Already 14 billion miles from the Sun, Voyager 1 is speeding away at 38,000 mph.

Credit: NASA's Eyes, public domain

The view from Voyager 1, the furthest human-made object in space.
Key Takeaways
  • Jimmy Carter was U.S. president and Elvis Presley was still alive in 1977, the year Voyager 1 was launched.
  • Back in 1990, Voyager 1’s last picture showed Earth as nothing more than a ‘Pale Blue Dot’.
  • Voyager 1 is now traversing interstellar space – here’s what our solar system looks like from there.

Voyager 1 lifting off from Cape Canaveral on September 5, 1977.Credit: NASA, public domain

What’s the farthest place that humanity has gone? For a practical answer to that question rather than a philosophical one, direct your gaze to Ophiuchus, an equatorial constellation also known as Serpentarius.

Speeding towards Rasalhague and the other stars that make up the ‘Serpent-bearer’ is Voyager 1, the furthest human-made object in the Universe. It’s currently 14.1 billion miles (22.8 billion km) from the Sun and speeding away at roughly 38,000 mph (61,000 km/h).

That’s too far to observe Voyager 1 twinkle in the night sky. But you can turn the tables and see what it sees, as it looks back at us. Via NASA’s Eyes website (and app), you can pay a virtual visit to where the spacecraft is now and explore its vantage as it hurtles towards the edge of the solar system.

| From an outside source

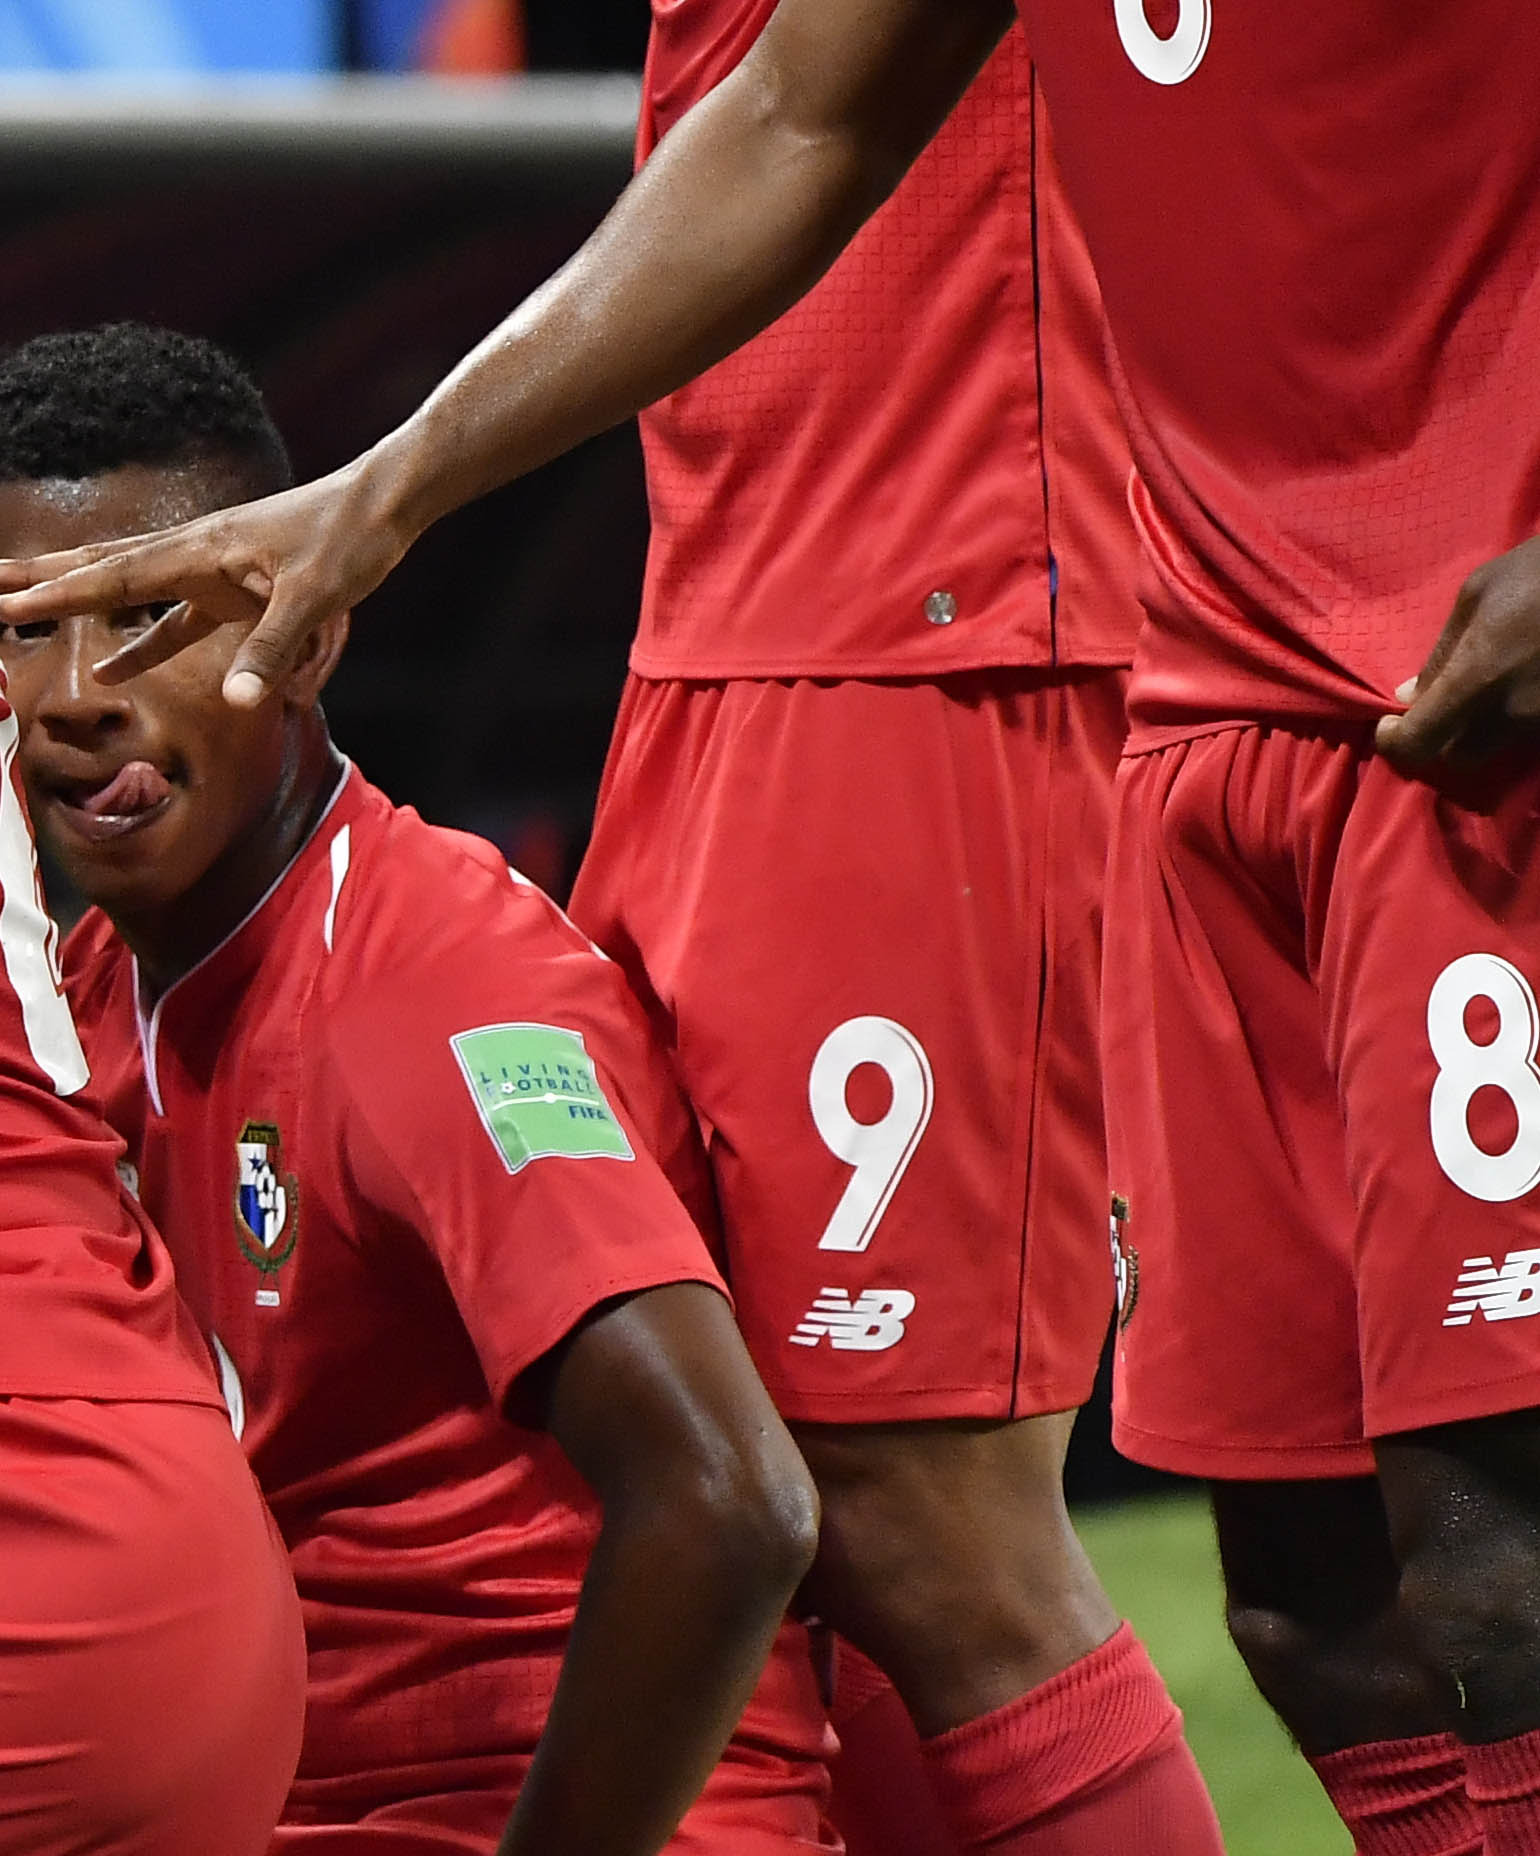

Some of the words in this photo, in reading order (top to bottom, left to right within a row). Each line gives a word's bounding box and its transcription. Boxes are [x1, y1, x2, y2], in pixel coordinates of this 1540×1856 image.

There’s Jupiter and Saturn, so seemingly close together; and Uranus, Pluto and Neptune, their orbits farther away. At the center of it all, the Sun. Nearby, the inner planets, including Earth: so close to it that they don’t even get a name-tag. Those planets and their trajectories are so familiar yet now so distant, it’s enough to make you homesick by proxy!

You can click and drag your way around Voyager 1, shifting your perspective to explore the region – spotting Sedna, Halley’s Comet and a few other less familiar members of our solar family.

Where it’s at: this is what the view of the solar system is from Voyager 1 as it speeds into interstellar space. Credit: NASA’s Eyes, public domain

Although it’s still sending data back to Earth, most of Voyager 1’s instruments have now been powered down, and the craft is expected to go entirely dead by 2030 at the latest; but its incredible journey isn’t over. In fact, it will most likely continue long after you, I and everything we know will have disappeared. Here’s how it all started.

The year is 1977. Jimmy Carter’s first year as president. Elvis Presley’s last year alive. Star Wars hits the big screen. On September 10, Hamida Djandoubi becomes the last person ever to be guillotined in France. Five days earlier, Voyager 1 takes off from Cape Canaveral.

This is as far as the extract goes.